Acadia National Park does not monitor air pollution from cruise ships

SOMESVILLE, Jan. 9, 2021 – Acadia National Park’s air quality monitoring data does not correlate cruise ship activities outside of the park to air quality in the park, a spokesperson for the park confirmed.

This was a validation of a previous QSJ post citing park biologist William Gawley as verifying that the park’s air pollution monitors are incapable of detecting pollution emitted by cruise ships in Bar Harbor.

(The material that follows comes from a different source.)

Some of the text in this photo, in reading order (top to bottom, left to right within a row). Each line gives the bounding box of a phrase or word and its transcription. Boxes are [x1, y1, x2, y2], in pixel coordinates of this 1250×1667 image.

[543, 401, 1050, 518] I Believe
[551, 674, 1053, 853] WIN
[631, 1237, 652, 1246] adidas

“It is my understanding that Kevin Schneider, Superintendent of Acadia National Park addressed this issue at a Bar Harbor Town Council meeting. He referenced the fact that this park is a Class 1 airshed under the Clean Air Act which requires us to have the best air in the nation and that we do monitoring in conjunction with Maine DEP,” Christie Anastasia of the Park Service, wrote in an email. “What really drives our air quality metrics is pollution generated from outside the state – cars and power plants in Northeast and Midwest. We do not have a direct correlation between cruise ships and air quality monitoring in the park.

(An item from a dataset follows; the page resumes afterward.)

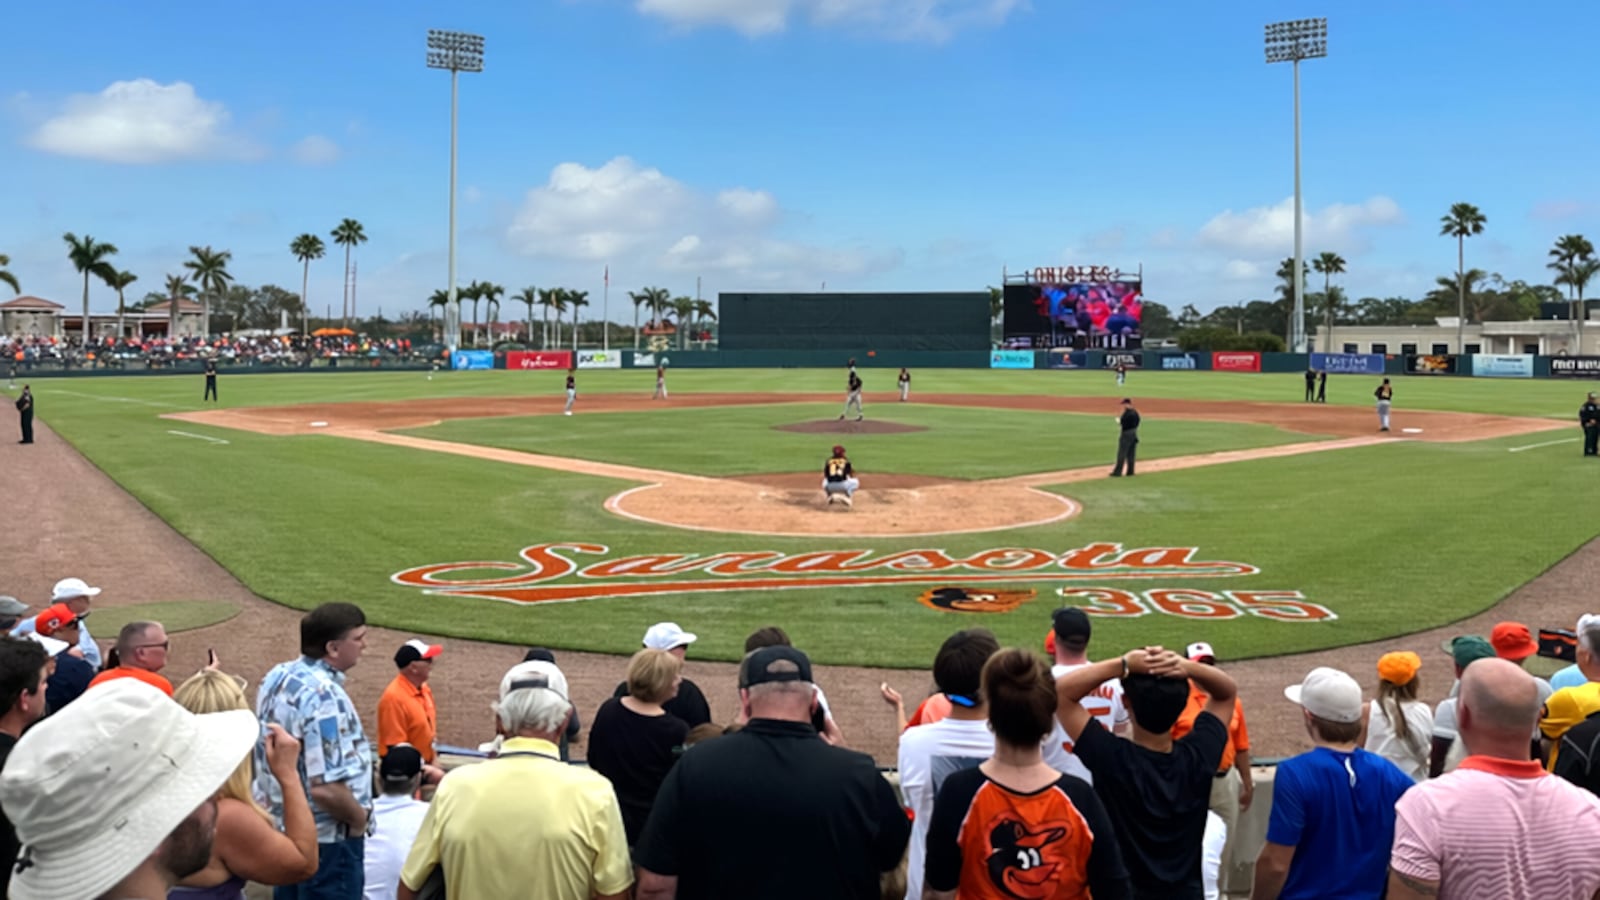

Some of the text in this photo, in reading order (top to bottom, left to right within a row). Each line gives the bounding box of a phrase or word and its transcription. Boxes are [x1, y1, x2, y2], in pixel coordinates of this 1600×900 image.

[1034, 266, 1110, 284] ORIOLES
[391, 542, 1260, 602] Sarasota
[1056, 587, 1338, 622] 365

Some members of the town council and the industry-dominated Bar Harbor cruise ships committee have used Schneider’s comments as giving the cruise ships a clean bill of health when it comes to air pollution.

In fact, several readers of QSJ wrote that air pollution from the cruise ships are much worse that was reported in an earlier QSJ post.

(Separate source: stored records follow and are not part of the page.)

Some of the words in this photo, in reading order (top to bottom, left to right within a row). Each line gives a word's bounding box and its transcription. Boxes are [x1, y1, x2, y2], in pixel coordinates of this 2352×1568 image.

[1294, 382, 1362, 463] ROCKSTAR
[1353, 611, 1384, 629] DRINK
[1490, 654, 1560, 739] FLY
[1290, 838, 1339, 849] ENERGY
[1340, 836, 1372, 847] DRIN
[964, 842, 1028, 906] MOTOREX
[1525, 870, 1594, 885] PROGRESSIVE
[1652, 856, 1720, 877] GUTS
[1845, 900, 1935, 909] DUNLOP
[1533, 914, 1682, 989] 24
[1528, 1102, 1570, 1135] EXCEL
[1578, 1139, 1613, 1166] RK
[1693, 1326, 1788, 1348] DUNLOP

A reader, Jim O’Connell, scolded QSJ, writing:

“This article fails in its assessment when it states 700 trucks worth of So2 are emitted when a typical 10-hour visit with the ‘Anthem of the Seas’ 1100 feet long will put out 40,000 idling semi trucks worth of carcinogenic SO2. A code violation on our downtown by 4,500,000 times.”

Subsequent emails to Mr. O’Connell were not returned.